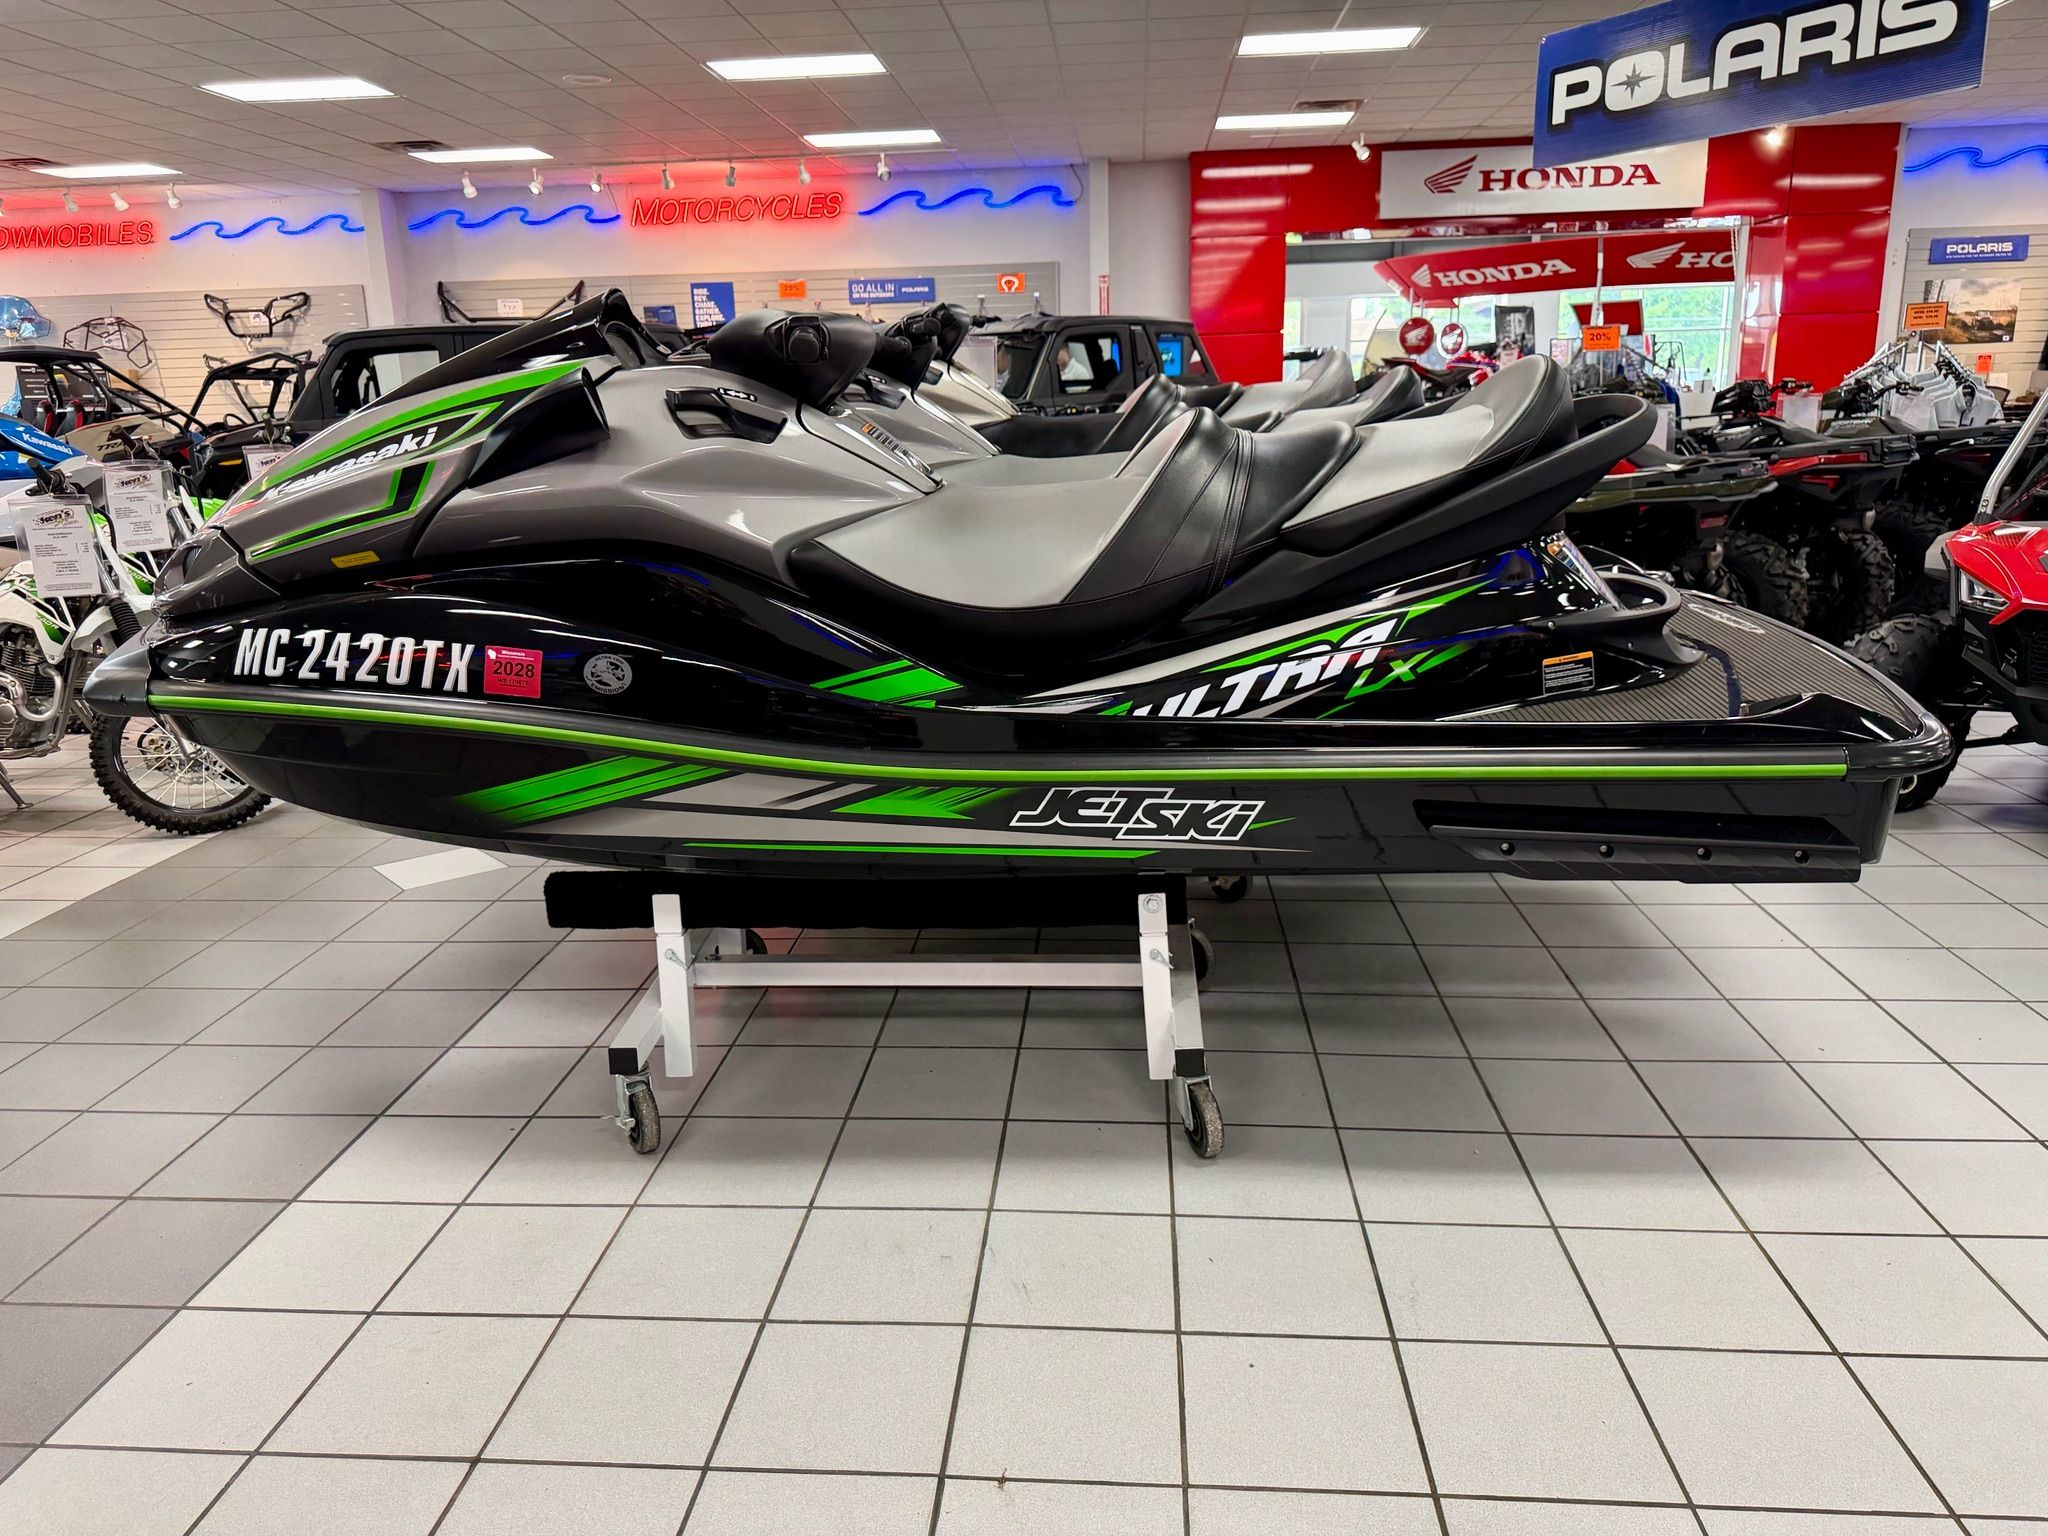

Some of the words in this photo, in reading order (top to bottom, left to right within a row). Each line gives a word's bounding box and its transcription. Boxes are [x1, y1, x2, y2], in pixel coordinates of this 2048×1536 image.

[1551, 0, 1958, 126] POLARIS
[1478, 163, 1661, 193] HONDA
[631, 192, 843, 227] MOTORCYCLES
[1946, 242, 2014, 254] POLARIS
[1432, 258, 1576, 287] HONDA
[852, 283, 864, 293] GO
[866, 283, 883, 293] ALL
[885, 283, 895, 293] IN
[1589, 332, 1611, 342] 20%
[22, 432, 74, 455] Kawasaki
[262, 426, 438, 500] Kawasaki
[233, 627, 291, 678] MC
[493, 660, 535, 679] 2028
[1132, 618, 1399, 718] ULTRA
[1344, 649, 1435, 700] LX

################

**What you will do**
Give back the whole of the material exactly, with the pictures removed.

**Exercise answer**
Some of the words in this photo, in reading order (top to bottom, left to right within a row). Each line gives a word's bounding box and its transcription. Boxes are [x1, y1, x2, y2], in pixel coordinates of this 2048×1536 image.

[1551, 0, 1958, 126] POLARIS
[1478, 163, 1661, 193] HONDA
[631, 192, 843, 227] MOTORCYCLES
[1946, 242, 2014, 254] POLARIS
[1432, 258, 1576, 287] HONDA
[852, 283, 864, 293] GO
[866, 283, 883, 293] ALL
[885, 283, 895, 293] IN
[1589, 332, 1611, 342] 20%
[22, 432, 74, 455] Kawasaki
[262, 426, 438, 500] Kawasaki
[233, 627, 291, 678] MC
[493, 660, 535, 679] 2028
[1132, 618, 1399, 718] ULTRA
[1344, 649, 1435, 700] LX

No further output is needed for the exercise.